■ ABOUT THIS EXERCISE ■
Apart from any images, the entries are to be output exactly.

-------------------------

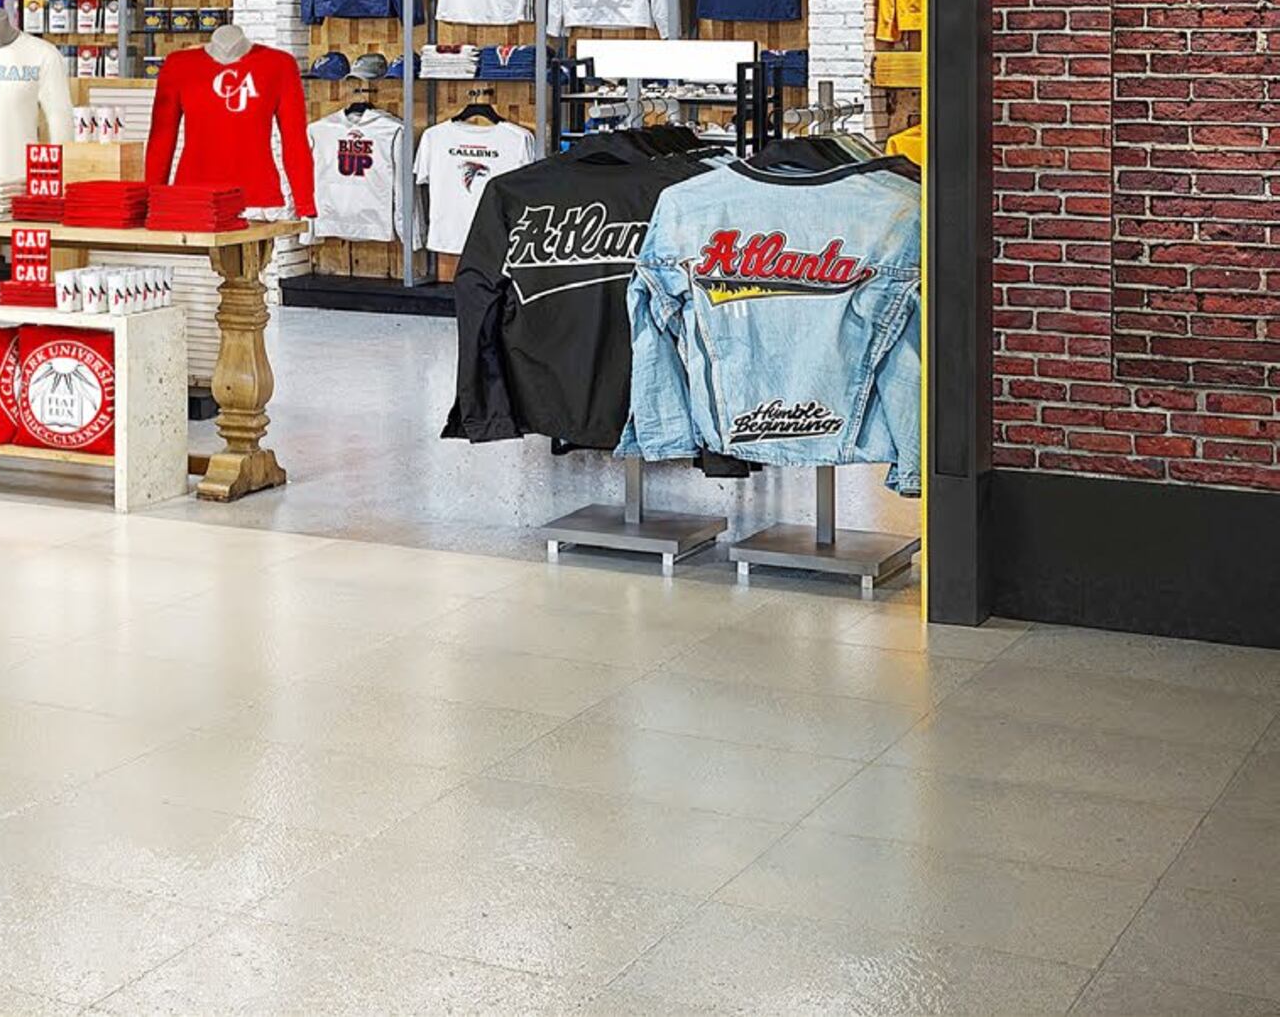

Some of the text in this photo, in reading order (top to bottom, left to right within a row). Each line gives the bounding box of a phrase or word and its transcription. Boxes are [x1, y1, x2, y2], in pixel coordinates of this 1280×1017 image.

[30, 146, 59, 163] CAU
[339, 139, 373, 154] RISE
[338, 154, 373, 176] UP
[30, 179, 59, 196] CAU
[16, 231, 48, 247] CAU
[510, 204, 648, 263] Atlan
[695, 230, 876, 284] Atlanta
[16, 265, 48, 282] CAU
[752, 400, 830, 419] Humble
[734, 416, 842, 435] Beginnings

-------------------------

■ SOLUTION ■
Some of the text in this photo, in reading order (top to bottom, left to right within a row). Each line gives the bounding box of a phrase or word and its transcription. Boxes are [x1, y1, x2, y2], in pixel coordinates of this 1280×1017 image.

[30, 146, 59, 163] CAU
[339, 139, 373, 154] RISE
[338, 154, 373, 176] UP
[30, 179, 59, 196] CAU
[16, 231, 48, 247] CAU
[510, 204, 648, 263] Atlan
[695, 230, 876, 284] Atlanta
[16, 265, 48, 282] CAU
[752, 400, 830, 419] Humble
[734, 416, 842, 435] Beginnings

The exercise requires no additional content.